WORK TASK: If an entry holds a picture, leave that picture out and reproduce everything else exactly.

DATA TO PROCESS:

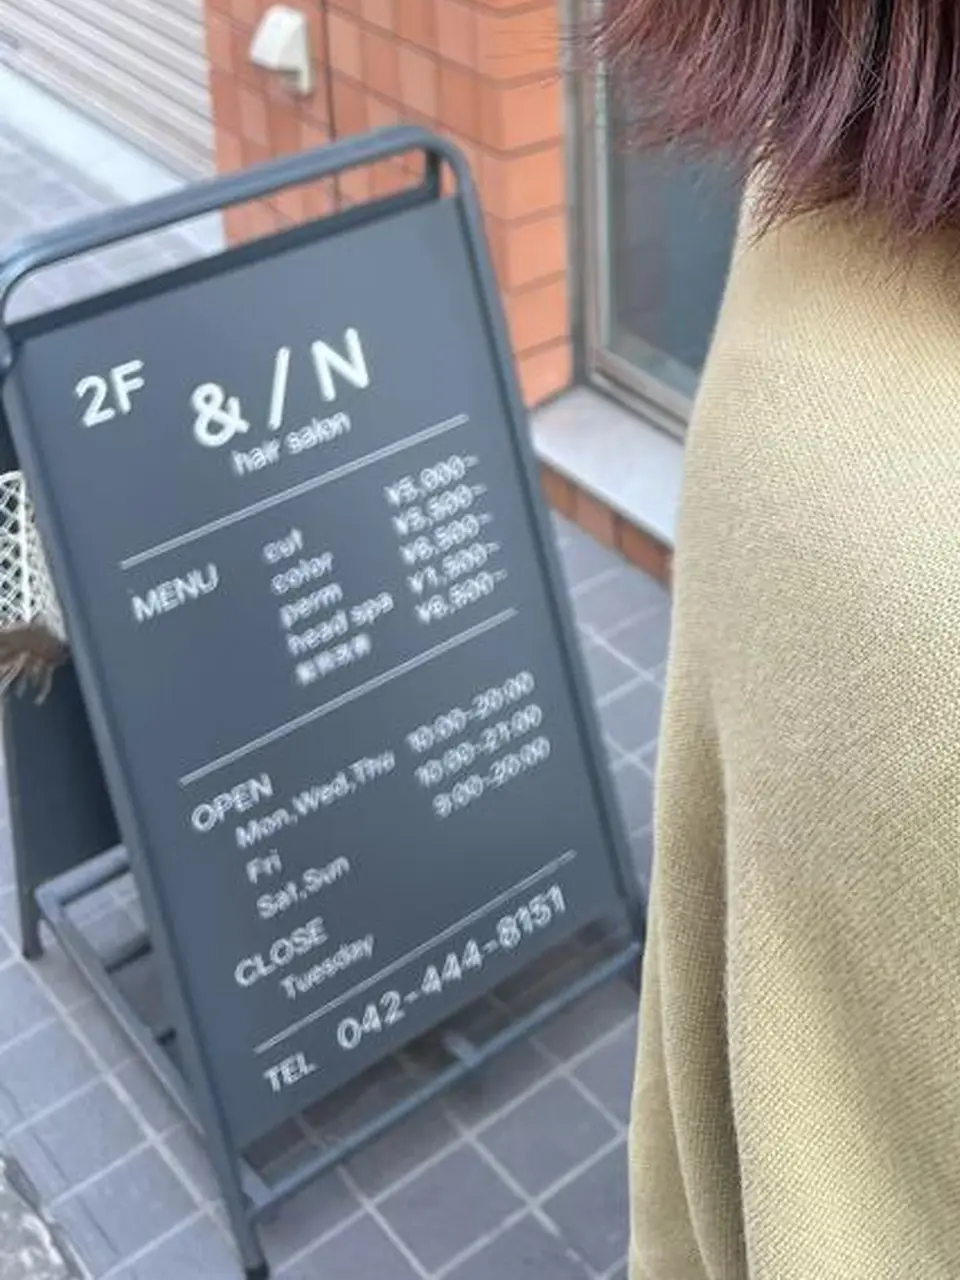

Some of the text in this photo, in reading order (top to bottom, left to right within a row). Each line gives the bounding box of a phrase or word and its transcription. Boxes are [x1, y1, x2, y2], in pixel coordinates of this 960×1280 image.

[75, 359, 144, 427] 2F
[231, 411, 351, 476] hair salon
[263, 528, 303, 563] cut
[271, 552, 333, 595] color
[132, 562, 219, 622] MENU
[279, 583, 343, 629] perm
[287, 592, 394, 656] head spa
[192, 773, 274, 832] OPEN
[247, 849, 282, 883] Fri
[234, 916, 329, 987] CLOSE
[280, 934, 374, 999] Tuesday
[264, 884, 565, 1092] TEL 042-444-8151

ANSWER:
Some of the text in this photo, in reading order (top to bottom, left to right within a row). Each line gives the bounding box of a phrase or word and its transcription. Boxes are [x1, y1, x2, y2], in pixel coordinates of this 960×1280 image.

[75, 359, 144, 427] 2F
[231, 411, 351, 476] hair salon
[263, 528, 303, 563] cut
[271, 552, 333, 595] color
[132, 562, 219, 622] MENU
[279, 583, 343, 629] perm
[287, 592, 394, 656] head spa
[192, 773, 274, 832] OPEN
[247, 849, 282, 883] Fri
[234, 916, 329, 987] CLOSE
[280, 934, 374, 999] Tuesday
[264, 884, 565, 1092] TEL 042-444-8151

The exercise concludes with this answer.